UNITED STATES
SECURITIES AND EXCHANGE COMMISSION
Washington, D.C. 20549
Form 8-K
Current Report
Pursuant to Section 13 or 15(d)
of the Securities Exchange Act of 1934
January 26, 2023
Date of Report (Date of earliest event reported)
Truist Financial Corporation
(Exact name of registrant as specified in its charter)
Commission file number: 1-10853
North Carolina | 56-0939887 | |
(State or other jurisdiction of incorporation) | (I.R.S. Employer Identification No.) |
214 North Tryon Street Charlotte, North Carolina | 28202 | |
(Address of principal executive offices) | (Zip Code) |
(336) 733-2000
(Registrant’s telephone number, including area code)

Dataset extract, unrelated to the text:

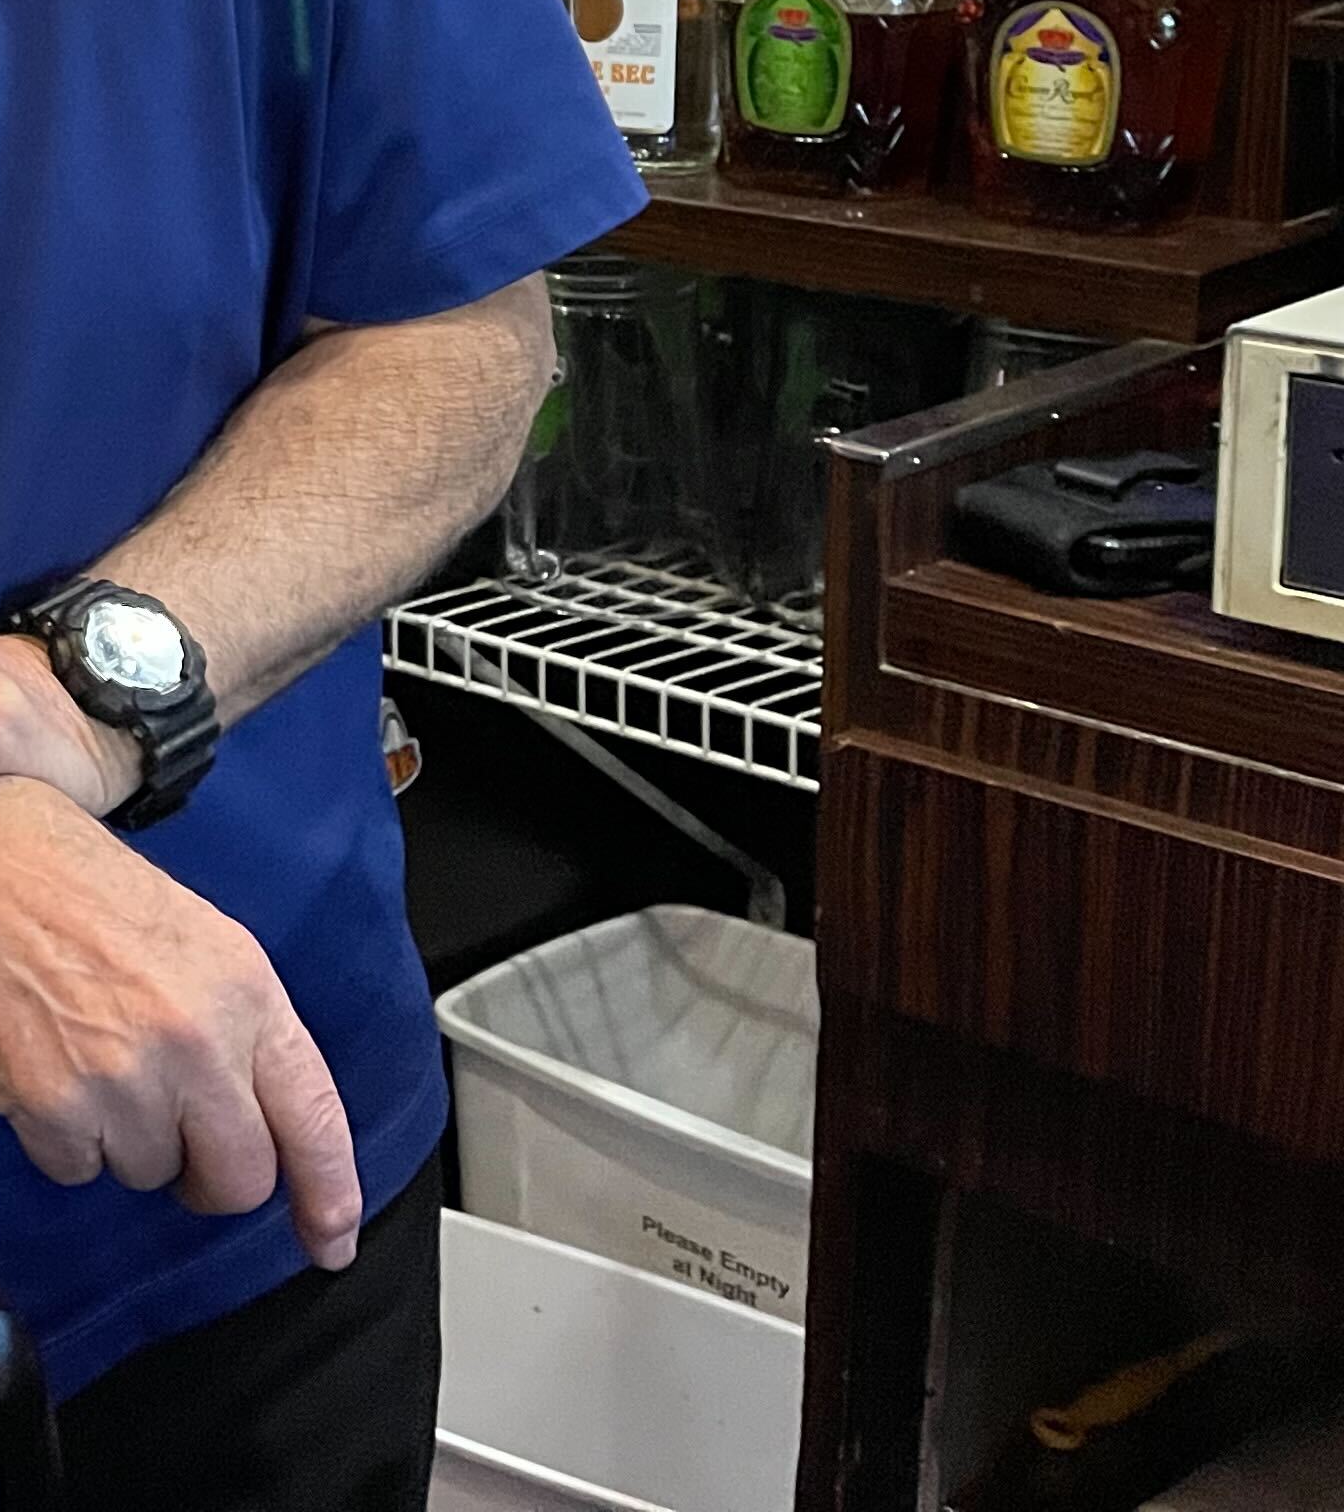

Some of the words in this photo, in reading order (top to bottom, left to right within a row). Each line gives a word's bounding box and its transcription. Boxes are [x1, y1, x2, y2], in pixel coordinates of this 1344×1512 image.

Check the appropriate box below if the Form 8-K filing is intended to simultaneously satisfy the filing obligation of the registrant under any of the following provisions:
☐ | Written communications pursuant to Rule 425 under the Securities Act (17 CFR 230.425) |
☐ | Soliciting material pursuant to Rule 14a-12 under the Exchange Act (17 CFR 240.14a-12) |
☐ | Pre-commencement communications pursuant to Rule 14d-2(b) under the Exchange Act (17 CFR 240.14d-2(b)) |
☐ | Pre-commencement communications pursuant to Rule 13e-4(c) under the Exchange Act (17 CFR 240.13e-4(c)) |
Securities registered pursuant to Section 12(b) of the Act:
Title of each class | Trading | Name of each exchange | ||
Common Stock, $5 par value | TFC | New York Stock Exchange | ||
Depositary Shares each representing 1/4,000th interest in a share of Series I Perpetual Preferred Stock | TFC.PI | New York Stock Exchange | ||
5.853% Fixed-to-Floating Rate Normal Preferred Purchase Securities each representing 1/100th interest in a share of Series J Perpetual Preferred Stock | TFC.PJ | New York Stock Exchange | ||
Depositary shares, each representing 1/1,000th interest in a share of Series O Non-Cumulative Perpetual Preferred Stock | TFC.PO | New York Stock Exchange | ||
Depositary Shares each representing 1/1,000th interest in a share of Series R Non-Cumulative Perpetual Preferred Stock | TFC.PR | New York Stock Exchange |
Indicate by check mark whether the registrant is an emerging growth company as defined in Rule 405 of the Securities Act of 1933 (§230.405) or Rule 12b-2 of the Securities Exchange Act of 1934 (§240.12b-2).
Emerging growth company ☐
If an emerging growth company, indicate by check mark if the registrant has elected not to use the extended transition period for complying with any new or revised financial accounting standards provided pursuant to Section 13(a) of the Exchange Act. ☐
Item 8.01 | Other Events. |
On January 26, 2023, Truist Financial Corporation (the “Company”) issued and sold $1,500,000,000 aggregate principal amount of its 4.873% Fixed-to-Floating Rate Medium-Term Notes, Series G (Senior), due January 26, 2029 (the “2029 Notes”), and $1,500,000,000 aggregate principal amount of its 5.122% Fixed-to-Floating Rate Medium-Term Notes, Series G (Senior), due January 26, 2034 (the “2034 Notes” and together with the 2029 Notes, the “Notes”). The Notes were registered under the Securities Act of 1933, as amended, pursuant to a registration statement on Form S-3 (File No. 333-261845) filed by the Company with the Securities and Exchange Commission (the “Registration Statement”). In connection with the issuance and sale of the Notes, the following documents are filed with this Current Report on Form 8-K and shall be incorporated by reference into the Registration Statement: (i) the legal opinion of Squire Patton Boggs (US) LLP, as counsel to the Company, regarding the issuance and sale of the Notes, and (ii) the legal opinion of Ellen M. Fitzsimmons, Senior Executive Vice President, Chief Legal Officer, Head of Public Affairs, and Corporate Secretary and Michael J. Shumaker, Senior Vice President and Associate General Counsel of the Company.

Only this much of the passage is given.